Шрифт:
Интервал:
Закладка:
Из статьи «Чувство реальности»[12]: «Есть схема, и у нее есть направленность; она не всегда “прогрессивна”, то есть не обязательно верить, что мы последовательно приближаемся к некоей желаемой “цели”, как бы мы ее ни определяли; но следуем мы в определенном и необратимом направлении … Если ты утопист, если ты совершаешь анахронизмы, бежишь от реальности, не понимаешь истории, или жизни, или мира, ты не уловишь конкретного комплекса законов и формул, которые каждая школа считает ключом к пониманию того, почему все должно произойти именно в таком порядке. Все эти школы объединяет вера в то, что существует такой порядок и ключ к нему, план, чертеж, карта. Те, кто понимает это, мудры, остальные блуждают во мраке. … Люди думали по-разному о том, каковы же истинные законы этого процесса, но все были согласны, что они существуют, а потому нелепо изменять их или вести себя так, словно их нет. Такие попытки, сказали бы они, — детское стремление заменить науку волшебной сказкой, в которой возможно все» ([2], стр. 30, 32, 35).

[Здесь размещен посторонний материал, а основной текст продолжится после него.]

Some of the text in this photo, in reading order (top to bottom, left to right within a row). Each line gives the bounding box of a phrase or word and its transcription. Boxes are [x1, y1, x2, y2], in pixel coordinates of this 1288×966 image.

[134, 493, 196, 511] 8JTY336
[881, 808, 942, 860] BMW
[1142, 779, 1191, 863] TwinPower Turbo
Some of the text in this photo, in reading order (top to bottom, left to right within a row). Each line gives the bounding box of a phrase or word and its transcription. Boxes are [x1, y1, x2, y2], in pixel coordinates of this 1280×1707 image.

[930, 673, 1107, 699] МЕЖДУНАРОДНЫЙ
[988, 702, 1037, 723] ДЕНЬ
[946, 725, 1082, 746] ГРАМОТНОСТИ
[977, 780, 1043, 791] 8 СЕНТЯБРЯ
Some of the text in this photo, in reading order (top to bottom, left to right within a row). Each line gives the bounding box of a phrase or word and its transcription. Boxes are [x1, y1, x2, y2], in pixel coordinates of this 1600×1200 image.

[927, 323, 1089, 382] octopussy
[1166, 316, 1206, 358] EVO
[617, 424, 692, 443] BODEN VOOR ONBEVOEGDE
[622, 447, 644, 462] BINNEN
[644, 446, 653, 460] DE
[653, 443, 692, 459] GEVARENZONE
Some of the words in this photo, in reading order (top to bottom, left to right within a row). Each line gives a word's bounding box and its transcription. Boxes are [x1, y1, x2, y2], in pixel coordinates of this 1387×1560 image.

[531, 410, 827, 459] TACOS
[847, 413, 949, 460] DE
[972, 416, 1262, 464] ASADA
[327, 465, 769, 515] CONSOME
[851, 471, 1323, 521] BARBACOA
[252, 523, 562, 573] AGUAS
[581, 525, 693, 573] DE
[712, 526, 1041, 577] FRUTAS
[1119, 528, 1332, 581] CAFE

Но ведь это совсем не так, обращает внимание Берлин:
«… есть тут что-то странное, и в теории, и на практике. Ни одна попытка подобрать “ключ” к истории пока не удалась. … Мы многое узнали, наше зрение изменилось, мы видим людей и сообщества с новых точек зрения, в другом свете. Открытия, которые к этому привели, — это подлинно открытия, преобразившие науку истории. Но “ключ” все не дается в руки. Мы не можем, как в астрономии или геологии, имея начальные условия, уверенно реконструировать прошлое или просчитать будущее культуры, общества или класса, индивидуума или группы. Исключение составляют случаи, столь редкие и аномальные, имеющие такие пробелы, использующие столько гипотез ad hoc и эпициклов, что проще и плодотворней исследовать их напрямую. Если мы спросим себя, что на самом деле мы можем сказать о данном периоде в культуре или данной модели человеческих действий — войне, революции, возрождении искусства или науки, — исходя из знаний хотя бы о том, что за этим последовало или этому предшествовало, мы, несомненно, должны будем ответить: почти ничего» ([2], стр. 32, 33).
После этого нетрудно разобраться, например, с деятелями Просвещения, которые не просто постулировали наличие «объективных» законов истории, но и верили, что они познаваемы в рамках рационального (читай — научного) метода:
«Да, великие люди, добившиеся торжества новых научных позиций, — антиклерикальные философы и ученые конца XVII—XVIII столетий, — все сильно упрощали. Они, очевидно, думали, что людей надо исследовать как материальные объекты, а жизнь их и мысль можно вывести из механических законов, управляющих действиями их тел. … Мыслителей XVIII века ослепила механистическая модель Ньютона, которая объясняла царство природы, но не истории. Чего-то не хватало, чтобы открыть и законы истории — ведь, например, биология отличается от химии не просто областью приложения, ее законы принципиально иные; так и история (для Гегеля — эволюция духа, для Сен-Симона или Маркса — развитие социальных отношений, для Шпенглера или Тойнби, последних голосов XIX столетия, — развитие культур, более или менее выделяемых из потока жизни) подчиняется собственным законам. Они учитывают особое поведение наций, классов, социальных групп и людей, к ним принадлежащих, не сводя его и даже не пытаясь свести к поведению предметов в пространстве, что, справедливо или нет, стремились сделать все механистические теории XVIII века» ([2], стр. 35, 36).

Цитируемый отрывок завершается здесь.